§ Work task
Print every record exactly, but leave out the pictures.

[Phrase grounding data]
# # # #

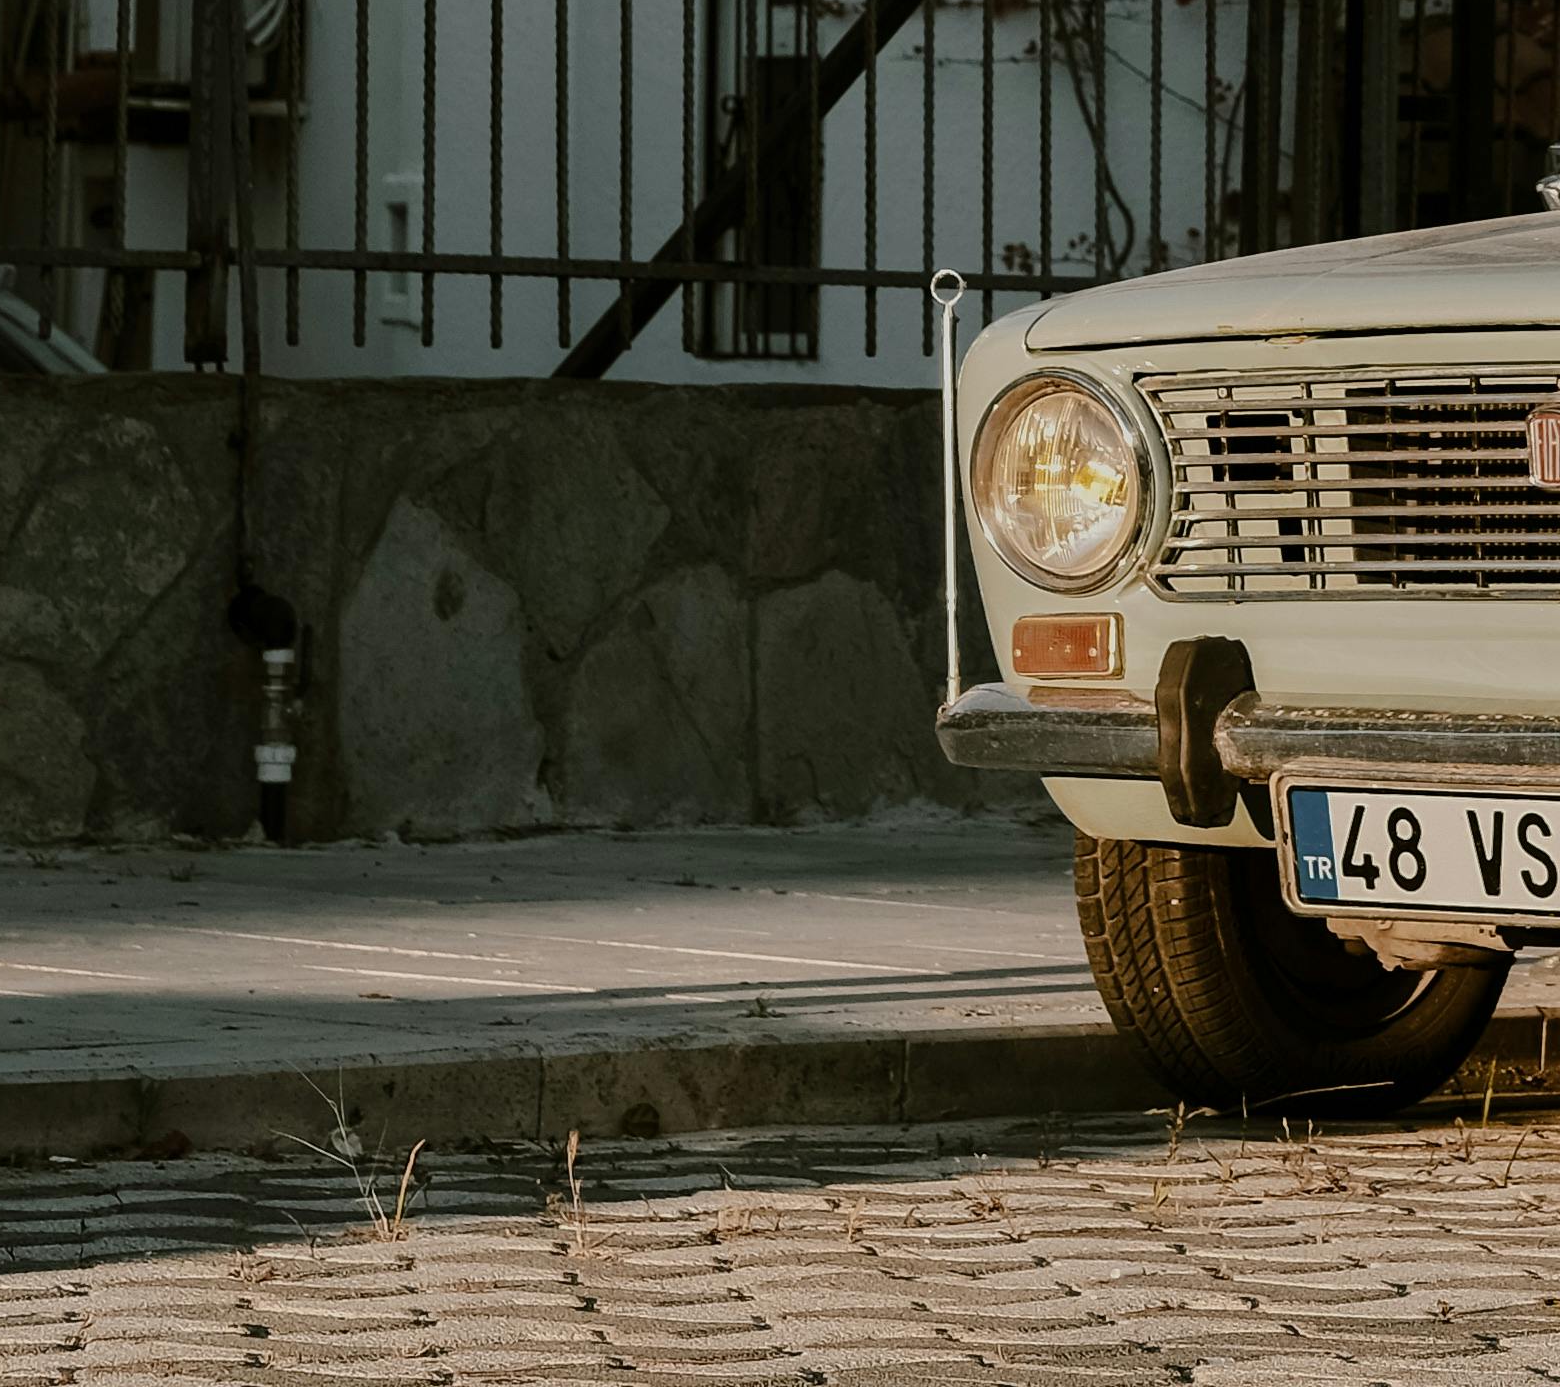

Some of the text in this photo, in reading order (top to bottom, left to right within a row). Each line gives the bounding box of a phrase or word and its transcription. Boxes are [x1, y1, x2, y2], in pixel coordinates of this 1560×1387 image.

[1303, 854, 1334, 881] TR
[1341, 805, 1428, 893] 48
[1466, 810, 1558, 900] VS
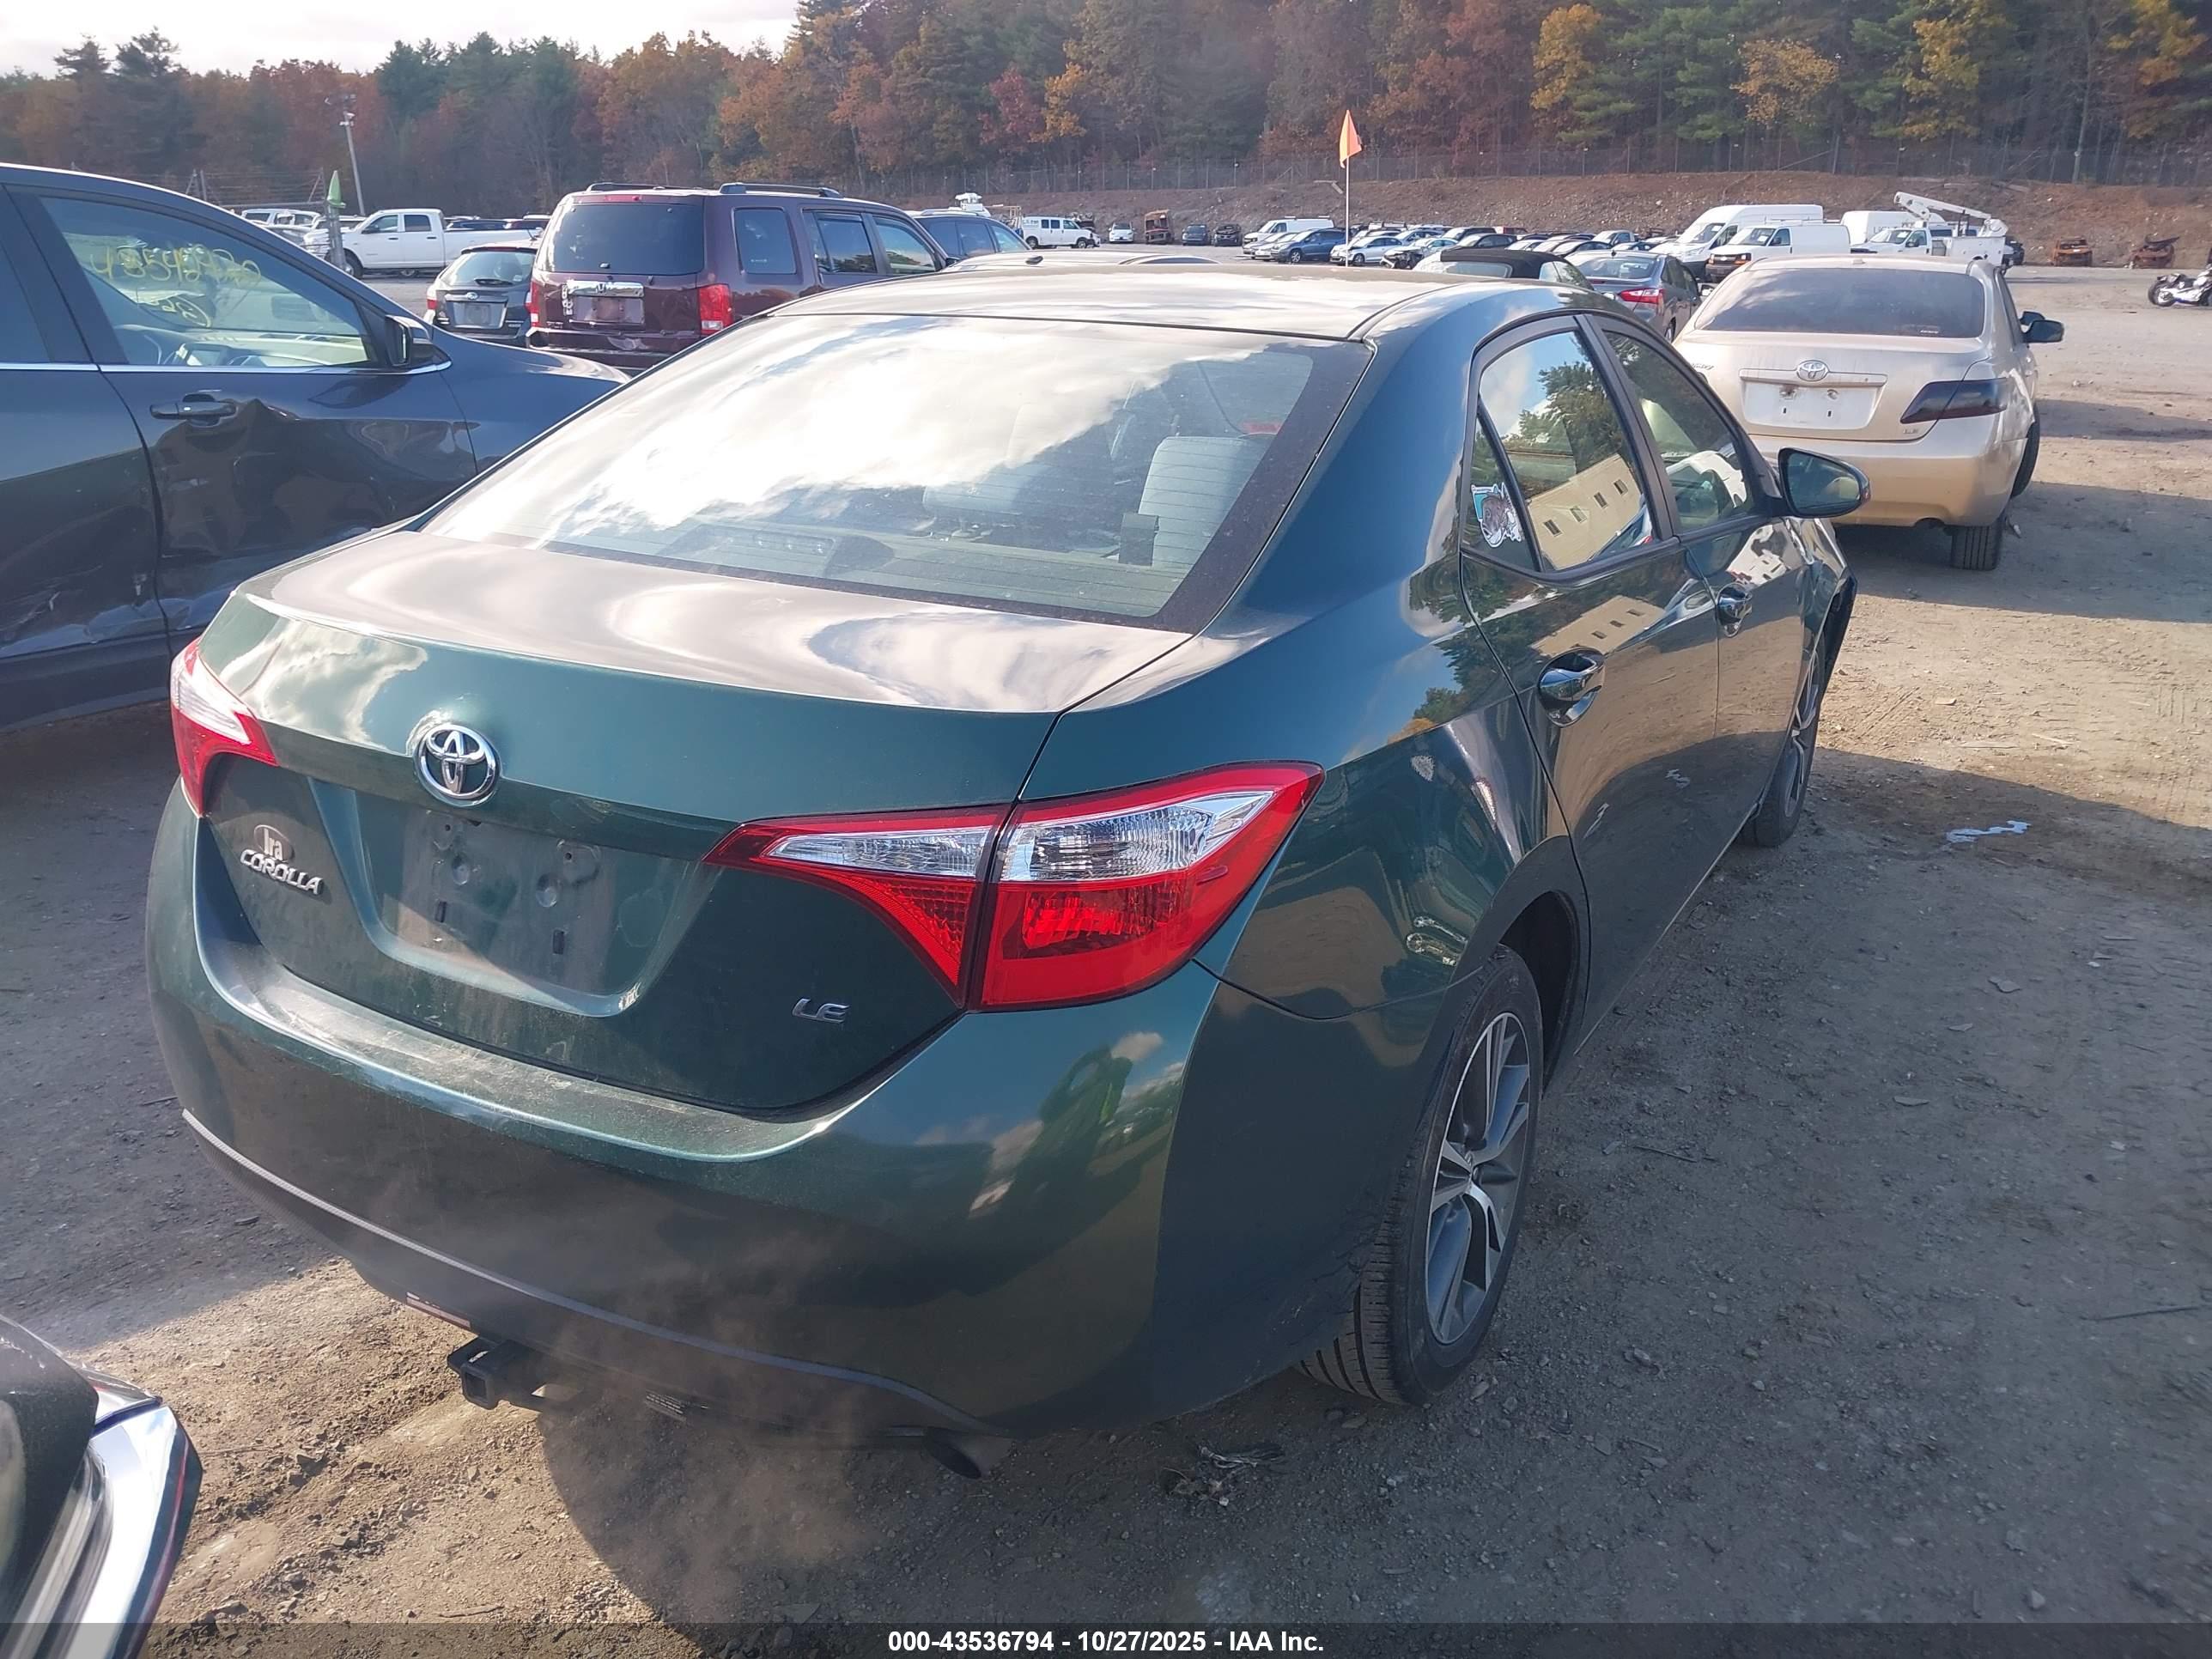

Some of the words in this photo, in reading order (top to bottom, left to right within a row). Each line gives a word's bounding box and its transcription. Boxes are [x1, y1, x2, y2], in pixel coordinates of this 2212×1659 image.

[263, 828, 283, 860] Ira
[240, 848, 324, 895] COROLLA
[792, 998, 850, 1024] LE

# # # #

§ Response
Some of the text in this photo, in reading order (top to bottom, left to right within a row). Each line gives the bounding box of a phrase or word and its transcription. Boxes are [x1, y1, x2, y2], in pixel coordinates of this 1560×1387 image.

[1303, 854, 1334, 881] TR
[1341, 805, 1428, 893] 48
[1466, 810, 1558, 900] VS

Some of the words in this photo, in reading order (top to bottom, left to right within a row). Each line gives a word's bounding box and its transcription. Boxes are [x1, y1, x2, y2], in pixel coordinates of this 2212×1659 image.

[263, 828, 283, 860] Ira
[240, 848, 324, 895] COROLLA
[792, 998, 850, 1024] LE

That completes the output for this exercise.